In August of last year, I was held for three weeks in Psychiatric Intensive Care at the Royal Jubilee Hospital in Victoria, British Columbia. While there, I witnessed another patient violently smashing her head into the wall. Security was called and as the troubled young woman was put into restraints, the nurse said to her, “I know you’re angry but don’t hurt yourself — use your words.”
Even in my madness, I could recognize this as powerful advice and have been gathering my words ever since.
I have an episodic, sometimes debilitating, serious mental illness and have been under the care of an Assertive Community Treatment (ACT) team for six years, often on Extended Leave from the hospital. On Extended Leave, a patient is still committed under British Columbia’s Mental Health Act (MHA) but resides at home under a variety of conditions, e.g. having her medication witnessed or meeting with her psychiatrist regularly, to name just two of many possibilities.
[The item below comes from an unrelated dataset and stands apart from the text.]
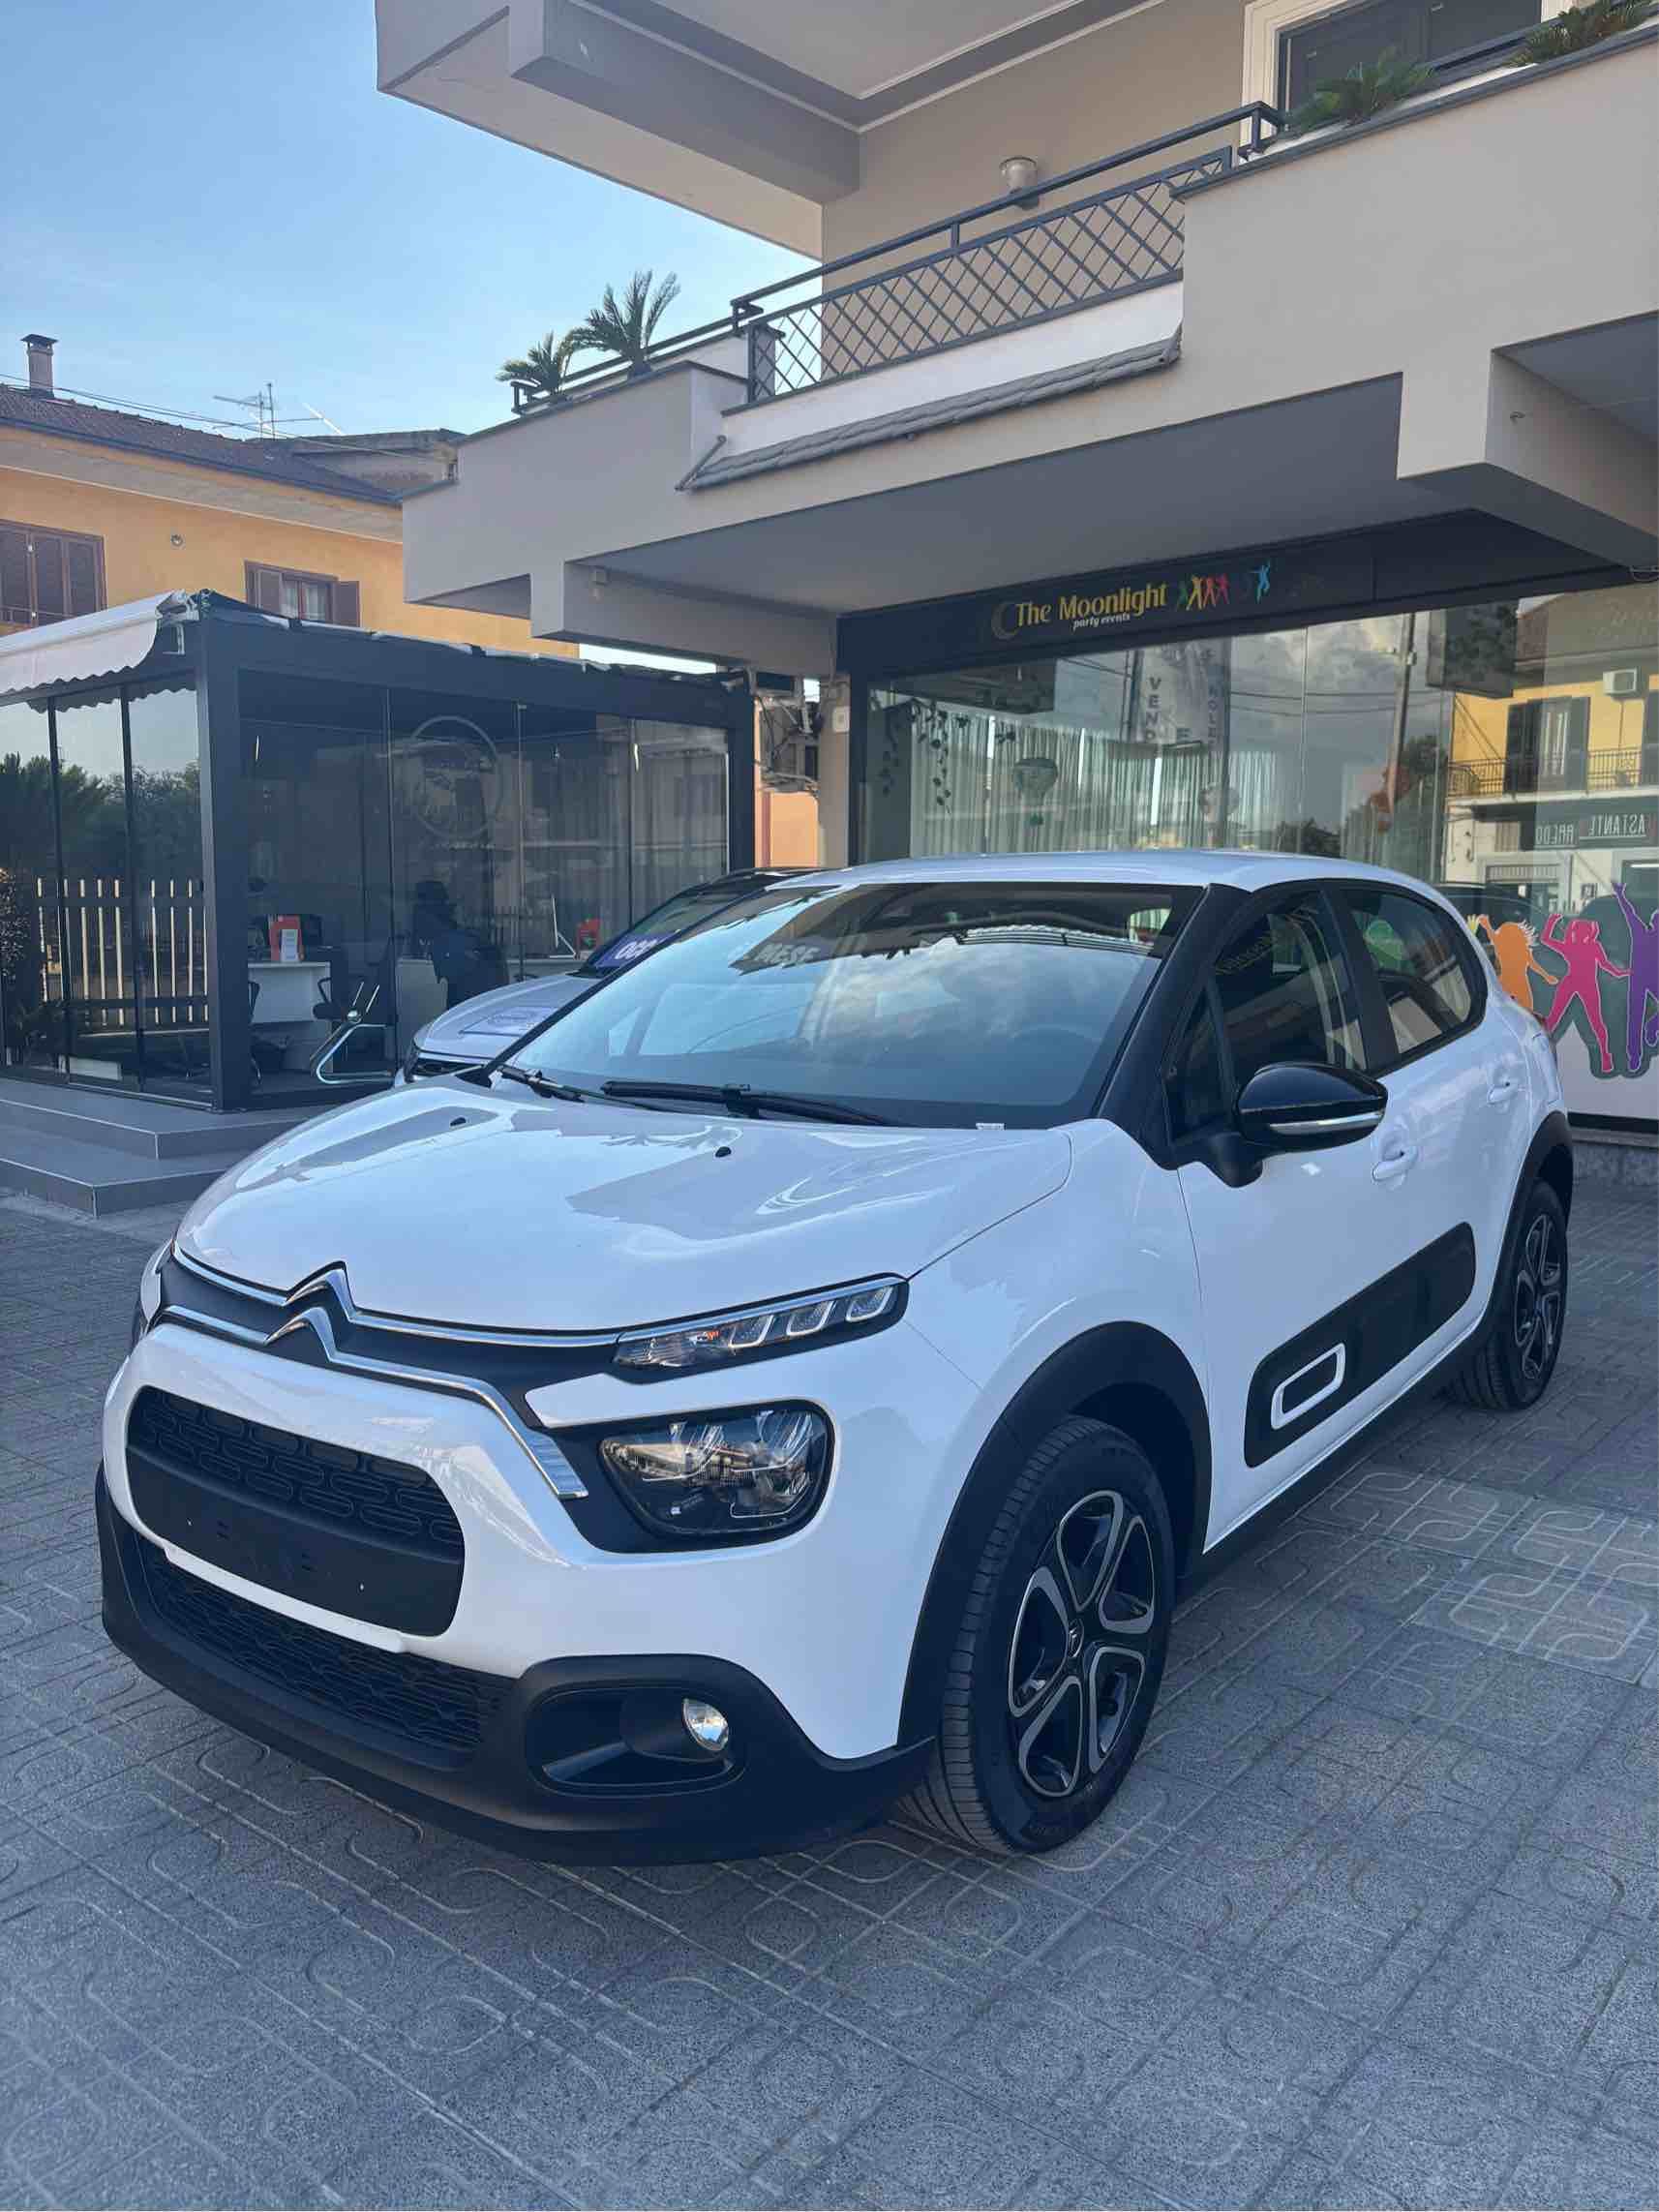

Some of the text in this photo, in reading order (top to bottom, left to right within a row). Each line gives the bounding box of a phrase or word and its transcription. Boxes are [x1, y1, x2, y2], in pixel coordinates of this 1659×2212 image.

[1015, 582, 1169, 627] The Moonlight
[1071, 614, 1131, 632] party events
If she fails to meet her obligations, the ACT team has the power to have a Warrant issued, the police come to arrest her and she is returned to hospital. Extended Leave lasts indefinitely, with the psychiatrist deciding at regular intervals whether or not a client will have her civil rights reinstated. As a result of my most recent episode of illness and subsequent hospitalization (which I voluntarily agreed to, as I was keenly aware that I was in urgent need of psychiatric care), I find myself yet again an involuntary patient embarked on yet another Extended Leave.
Being on Extended Leave intermittently over the last several years has been extremely unpleasant. Favourable responses to some requests that I have made (such as having injections administered only by a female nurse) have been a long time coming; other similarly reasonable requests continue to be ignored. Choosing to return to hospital rather than continue to suffer the indignities of Extended Leave is not possible, given that there are far, far more patients in Victoria on Extended Leave than there are available hospital beds. My ACT team alone serves 80 clients, the vast majority of whom are involuntary.
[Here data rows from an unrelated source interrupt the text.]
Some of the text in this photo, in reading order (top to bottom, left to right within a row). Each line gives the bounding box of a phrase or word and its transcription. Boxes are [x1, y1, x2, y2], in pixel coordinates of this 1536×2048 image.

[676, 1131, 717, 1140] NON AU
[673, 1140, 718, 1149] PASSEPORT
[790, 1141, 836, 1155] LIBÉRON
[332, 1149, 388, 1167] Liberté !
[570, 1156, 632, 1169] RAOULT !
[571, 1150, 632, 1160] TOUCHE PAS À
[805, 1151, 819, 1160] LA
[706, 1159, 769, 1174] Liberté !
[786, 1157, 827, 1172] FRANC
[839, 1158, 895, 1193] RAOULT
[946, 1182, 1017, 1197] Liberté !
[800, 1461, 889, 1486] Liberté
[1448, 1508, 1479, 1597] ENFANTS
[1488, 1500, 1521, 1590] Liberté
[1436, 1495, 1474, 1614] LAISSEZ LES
Since most patients cannot afford legal fees for a court application (and this is not covered by Legal Aid), the only possible route back to voluntary status — besides simply waiting an Extended Leave out — is to appear before a Mental Health Review Panel, the system’s purported safeguard from psychiatric overreach. The three-person panel, comprised of a lawyer, a doctor and a member of the public, hears evidence from both the patient and her doctor and decides whether Extended Leave should be continued.
Review Panels tend to be stressful affairs and rarely work in a patient’s favour — only one in eight succeeds. Evidence is used against us that would never be allowed in court, and the onus seems to be on the patient to prove that she’s not insane, rather than on the psychiatrist to prove that she is.
At my last Review Panel hearing, my psychiatrist took more than an hour to read from my medical records, which contain gross inaccuracies. He then left abruptly, so I had no opportunity to correct the errors. When it was finally my turn, I wasn’t permitted to present my position verbally but merely allowed to submit the written notes I had made in preparation for the hearing. The Review Panel chair behaved in a biased and highly unprofessional manner, questioning me in a belittling, contemptuous fashion and repeatedly rolling his eyes at my responses.
Review Panels are clearly not a sufficient safeguard, and nothing short of a court adjudication would be. Currently, extreme circumstances such as someone being a danger to himself or others are not nearly required for forced hospitalization or, worse, the diabolical Extended Leave.
Shortly after my recent discharge — which I engineered by flattering my ACT team leader, knowing that a word from him to the hospital staff would be sufficient to secure my release — I made a serious error when a different ACT team member showed up at my home with medication a couple of days later. I believe the exact words I yelled at him were, “Why don’t you do something more respectable for a living like deal crystal meth?”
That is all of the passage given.